WORK REQUIRED:
Write out the full listing exactly as given, minus the images.

*** Opening SUPPLIED RECORDS ***

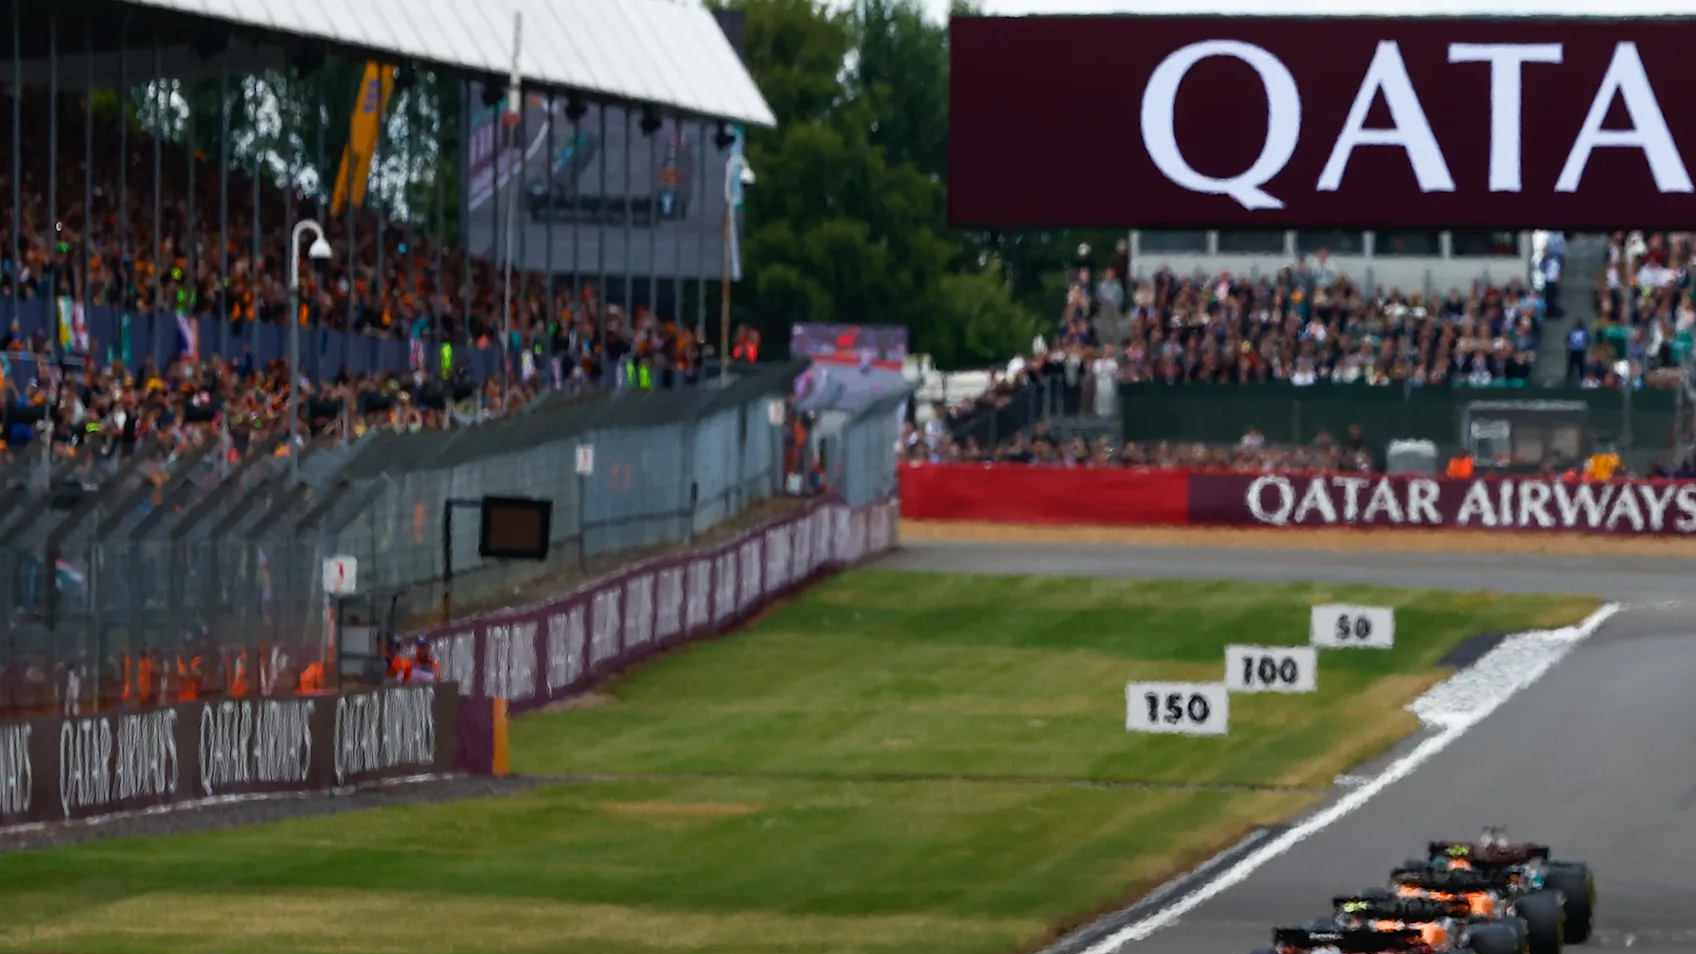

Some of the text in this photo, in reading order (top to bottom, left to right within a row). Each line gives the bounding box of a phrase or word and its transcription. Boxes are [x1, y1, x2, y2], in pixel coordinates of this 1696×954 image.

[1246, 474, 1443, 527] QATAR
[1335, 614, 1372, 640] 50
[1242, 656, 1298, 685] 100
[1144, 692, 1211, 724] 150
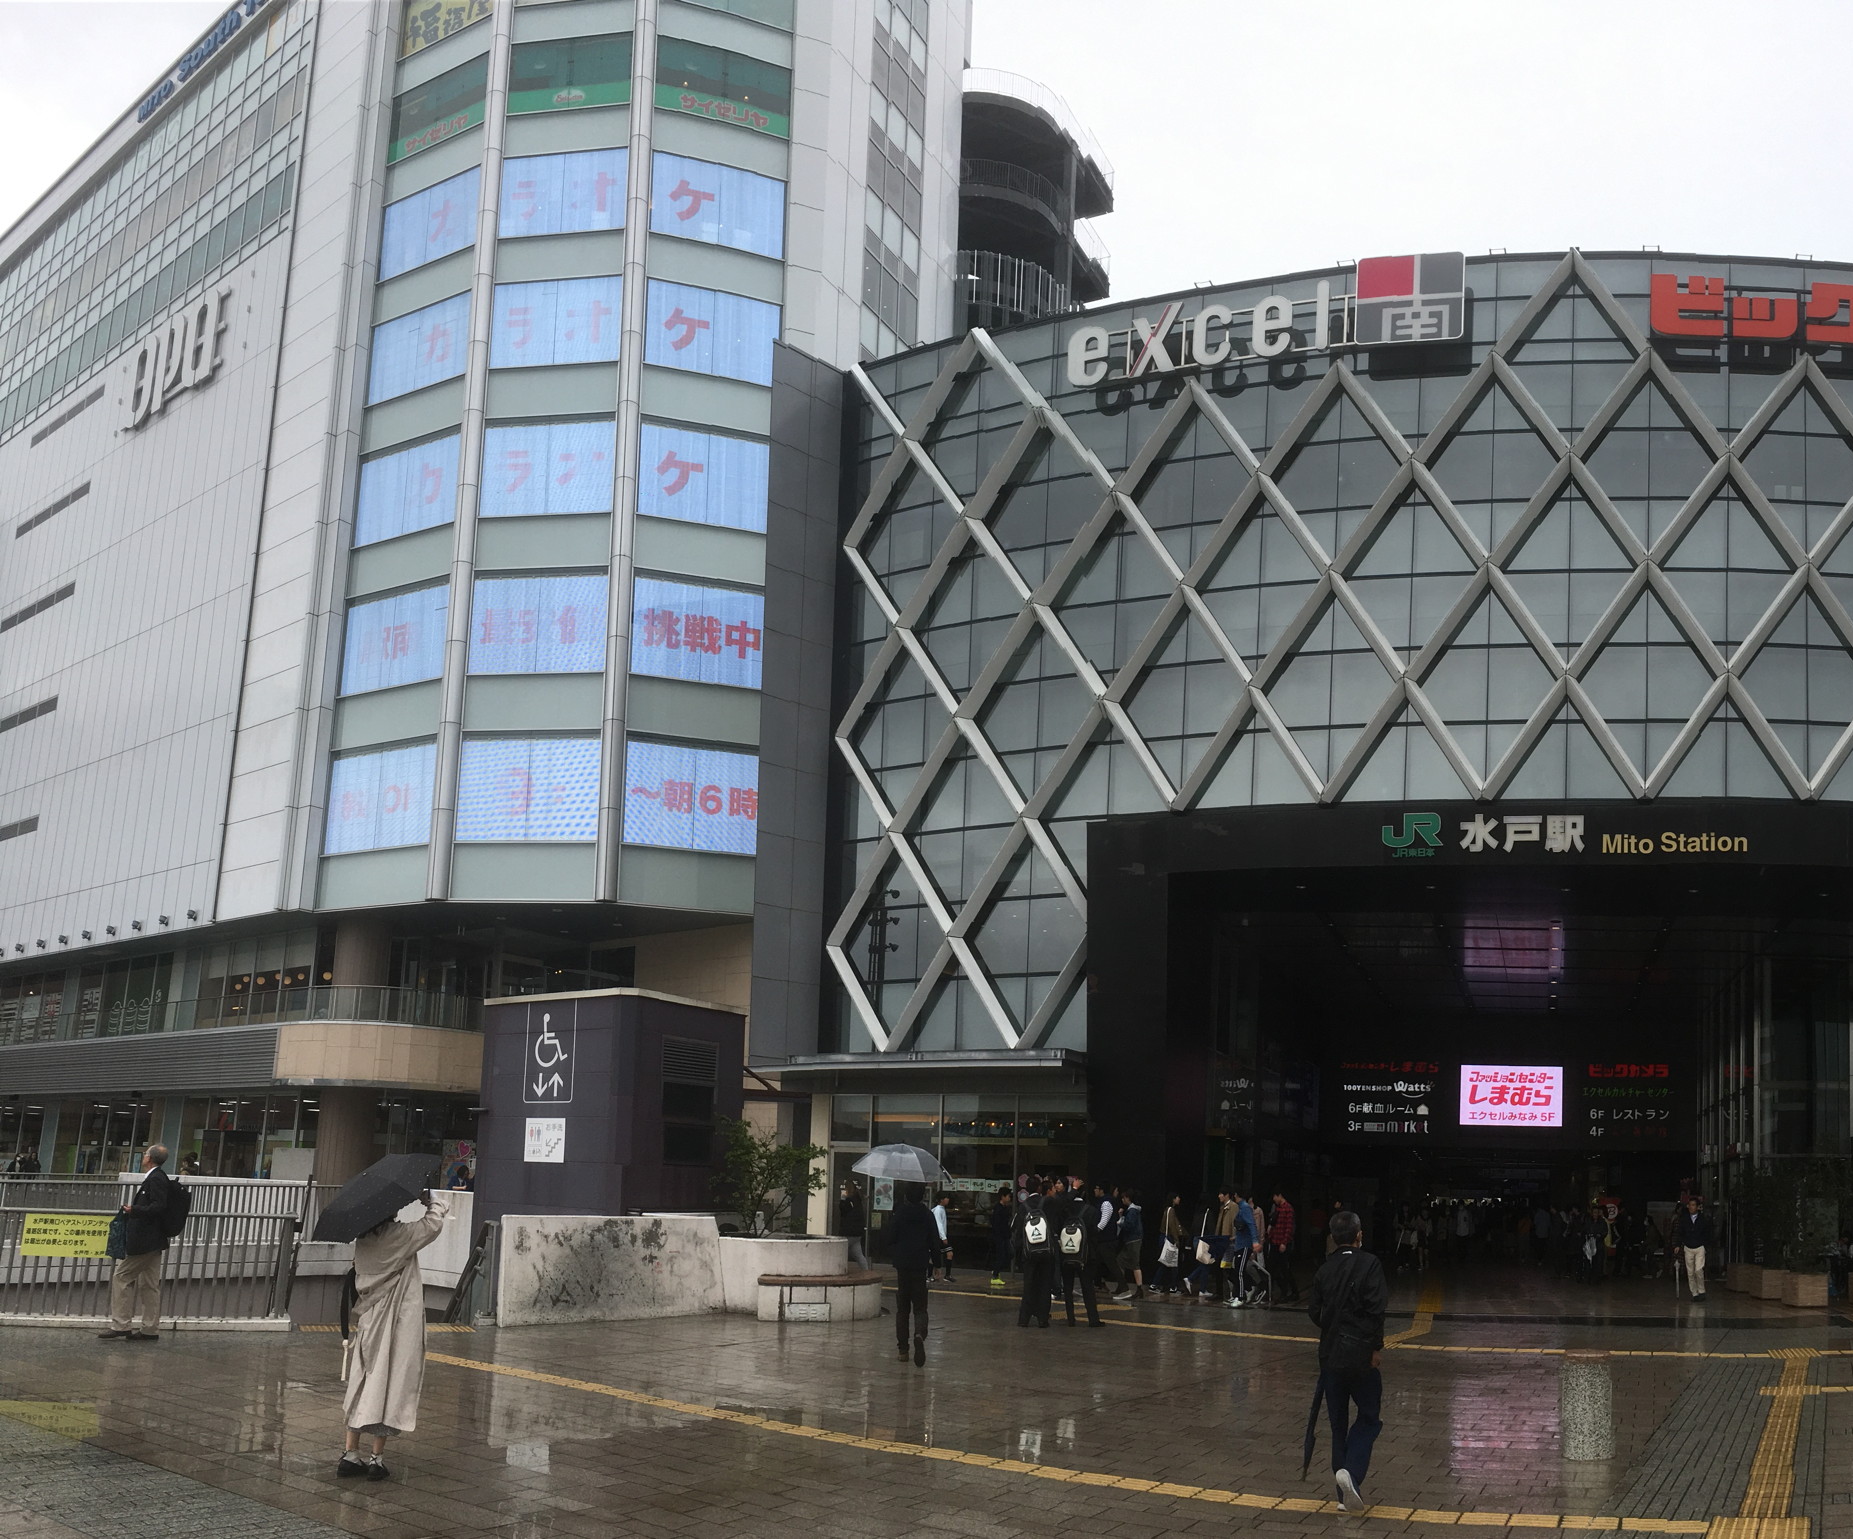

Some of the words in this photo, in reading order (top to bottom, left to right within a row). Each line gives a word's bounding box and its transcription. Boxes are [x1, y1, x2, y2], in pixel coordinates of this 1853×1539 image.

[681, 94, 768, 128] サイゼリヤ
[405, 113, 469, 153] サイゼリヤ
[1067, 280, 1331, 387] excel
[642, 607, 762, 659] 挑戦中
[1381, 812, 1444, 847] JR
[1459, 813, 1585, 854] 水戸駅
[1602, 832, 1654, 854] Mito
[1660, 831, 1748, 853] Station
[1391, 847, 1435, 858] JR東日本
[1469, 1071, 1554, 1083] ファッションセンター
[1588, 1064, 1669, 1077] ビックカメラ
[1393, 1080, 1431, 1092] Watts
[1468, 1084, 1554, 1106] しまむら
[1468, 1111, 1538, 1121] エクセルみなみ
[1540, 1112, 1555, 1121] 5F
[1589, 1108, 1605, 1119] 6F
[1612, 1108, 1670, 1120] レストラン
[1347, 1120, 1362, 1131] 3F
[1589, 1126, 1605, 1136] 4F

*** Closing SUPPLIED RECORDS ***

RESULT OF THIS TASK:
Some of the text in this photo, in reading order (top to bottom, left to right within a row). Each line gives the bounding box of a phrase or word and its transcription. Boxes are [x1, y1, x2, y2], in pixel coordinates of this 1696×954 image.

[1246, 474, 1443, 527] QATAR
[1335, 614, 1372, 640] 50
[1242, 656, 1298, 685] 100
[1144, 692, 1211, 724] 150

Some of the words in this photo, in reading order (top to bottom, left to right within a row). Each line gives a word's bounding box and its transcription. Boxes are [x1, y1, x2, y2], in pixel coordinates of this 1853×1539 image.

[681, 94, 768, 128] サイゼリヤ
[405, 113, 469, 153] サイゼリヤ
[1067, 280, 1331, 387] excel
[642, 607, 762, 659] 挑戦中
[1381, 812, 1444, 847] JR
[1459, 813, 1585, 854] 水戸駅
[1602, 832, 1654, 854] Mito
[1660, 831, 1748, 853] Station
[1391, 847, 1435, 858] JR東日本
[1469, 1071, 1554, 1083] ファッションセンター
[1588, 1064, 1669, 1077] ビックカメラ
[1393, 1080, 1431, 1092] Watts
[1468, 1084, 1554, 1106] しまむら
[1468, 1111, 1538, 1121] エクセルみなみ
[1540, 1112, 1555, 1121] 5F
[1589, 1108, 1605, 1119] 6F
[1612, 1108, 1670, 1120] レストラン
[1347, 1120, 1362, 1131] 3F
[1589, 1126, 1605, 1136] 4F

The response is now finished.